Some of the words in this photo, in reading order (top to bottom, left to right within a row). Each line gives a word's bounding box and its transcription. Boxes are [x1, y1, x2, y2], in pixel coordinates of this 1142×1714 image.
______
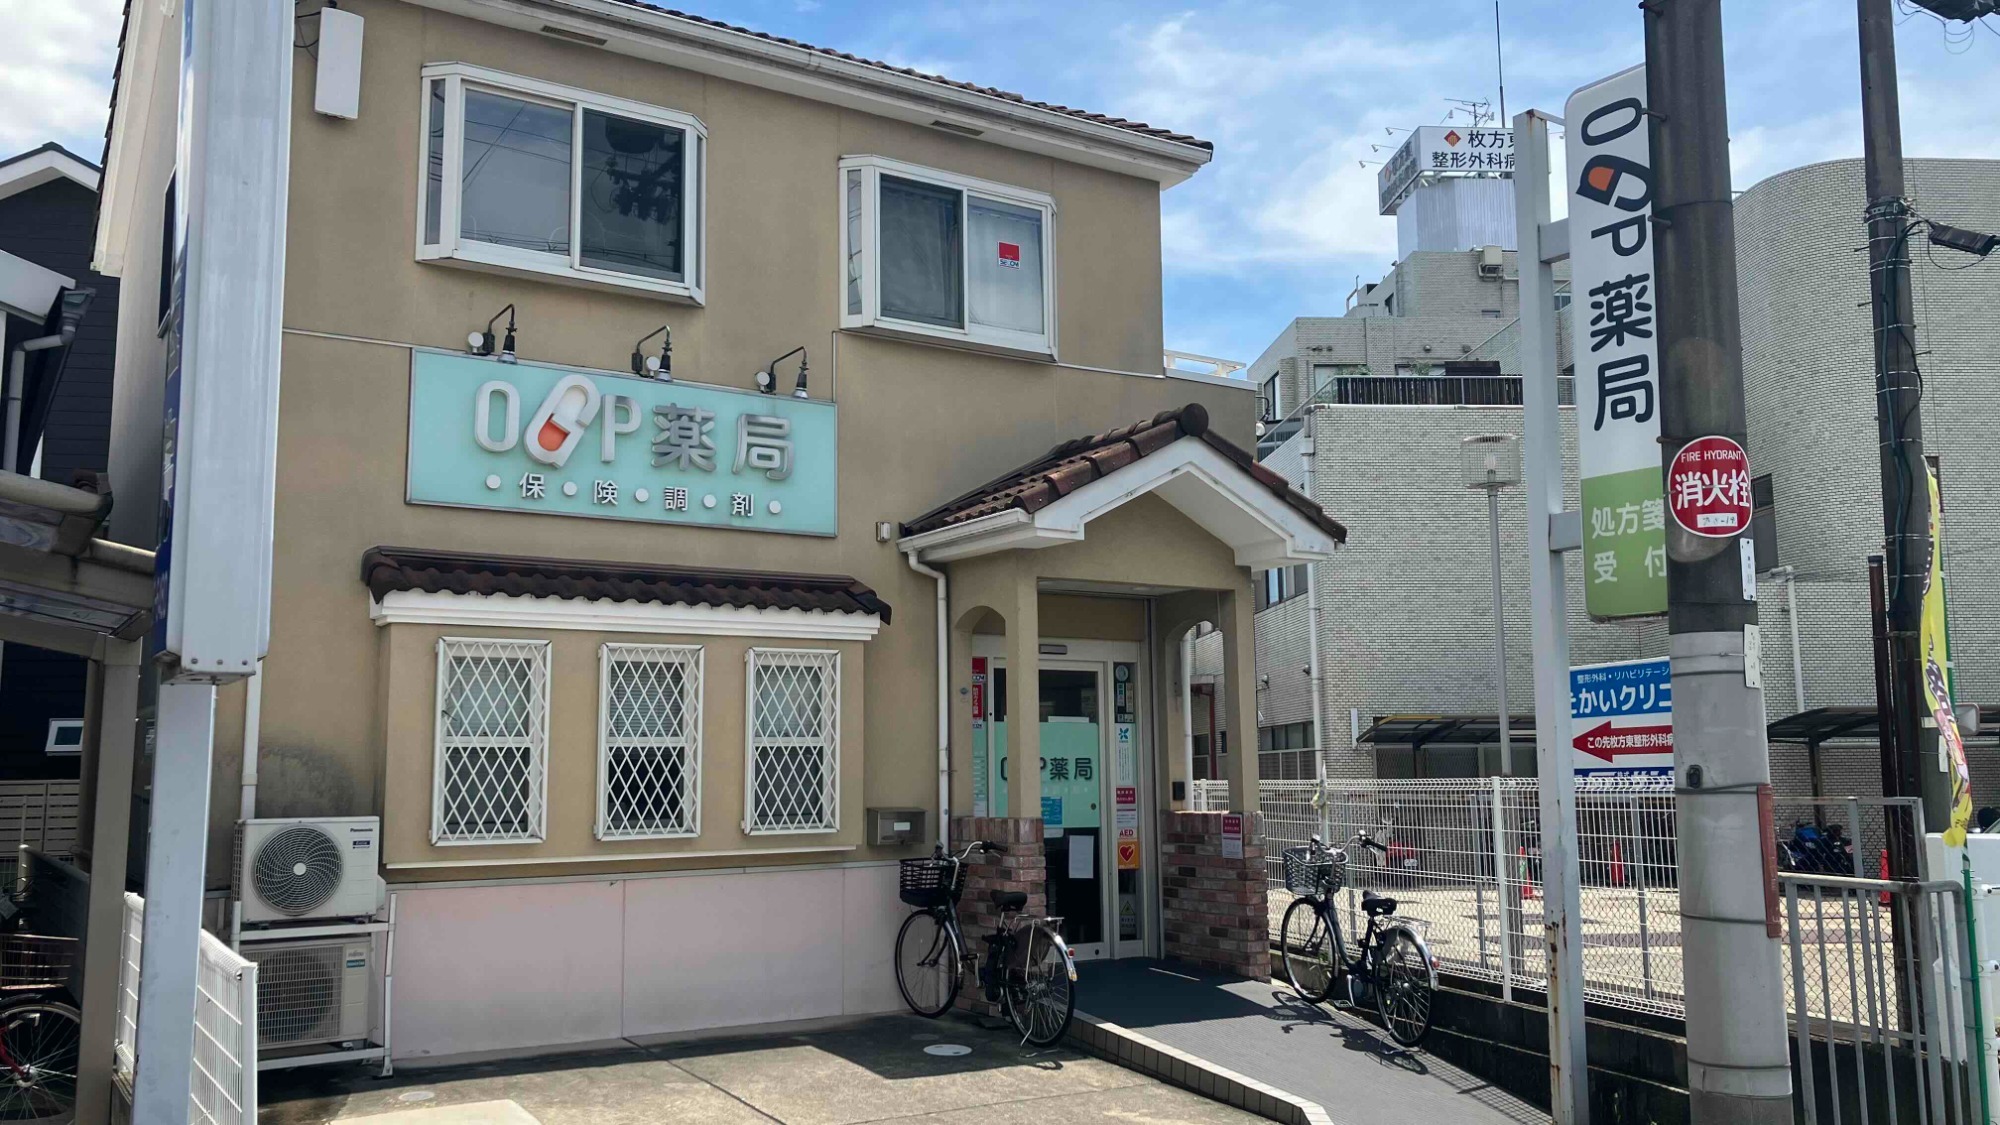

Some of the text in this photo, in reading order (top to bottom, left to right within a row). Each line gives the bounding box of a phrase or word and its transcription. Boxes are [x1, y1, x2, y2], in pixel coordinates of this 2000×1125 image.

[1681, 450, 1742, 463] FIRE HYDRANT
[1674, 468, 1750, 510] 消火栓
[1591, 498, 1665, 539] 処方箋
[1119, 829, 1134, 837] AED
______
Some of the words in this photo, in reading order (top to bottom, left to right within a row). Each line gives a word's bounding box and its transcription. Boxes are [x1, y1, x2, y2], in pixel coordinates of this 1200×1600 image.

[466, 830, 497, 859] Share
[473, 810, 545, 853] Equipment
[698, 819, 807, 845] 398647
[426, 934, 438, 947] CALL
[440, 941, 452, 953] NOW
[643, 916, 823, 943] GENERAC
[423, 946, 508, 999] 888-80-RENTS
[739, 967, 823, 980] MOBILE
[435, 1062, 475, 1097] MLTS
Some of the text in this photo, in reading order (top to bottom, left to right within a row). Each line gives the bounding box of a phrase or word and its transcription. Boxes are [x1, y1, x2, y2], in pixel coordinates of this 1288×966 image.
______
* _INSTRUCTIONS FOR THE TASK_
Among the lines above, repeat exactly those from the line with "this 1200×1600 image." to the line with "this 1288×966 image.", counting both ends.

* _RESULT FOR THIS TASK_
Some of the words in this photo, in reading order (top to bottom, left to right within a row). Each line gives a word's bounding box and its transcription. Boxes are [x1, y1, x2, y2], in pixel coordinates of this 1200×1600 image.

[466, 830, 497, 859] Share
[473, 810, 545, 853] Equipment
[698, 819, 807, 845] 398647
[426, 934, 438, 947] CALL
[440, 941, 452, 953] NOW
[643, 916, 823, 943] GENERAC
[423, 946, 508, 999] 888-80-RENTS
[739, 967, 823, 980] MOBILE
[435, 1062, 475, 1097] MLTS
Some of the text in this photo, in reading order (top to bottom, left to right within a row). Each line gives the bounding box of a phrase or word and its transcription. Boxes are [x1, y1, x2, y2], in pixel coordinates of this 1288×966 image.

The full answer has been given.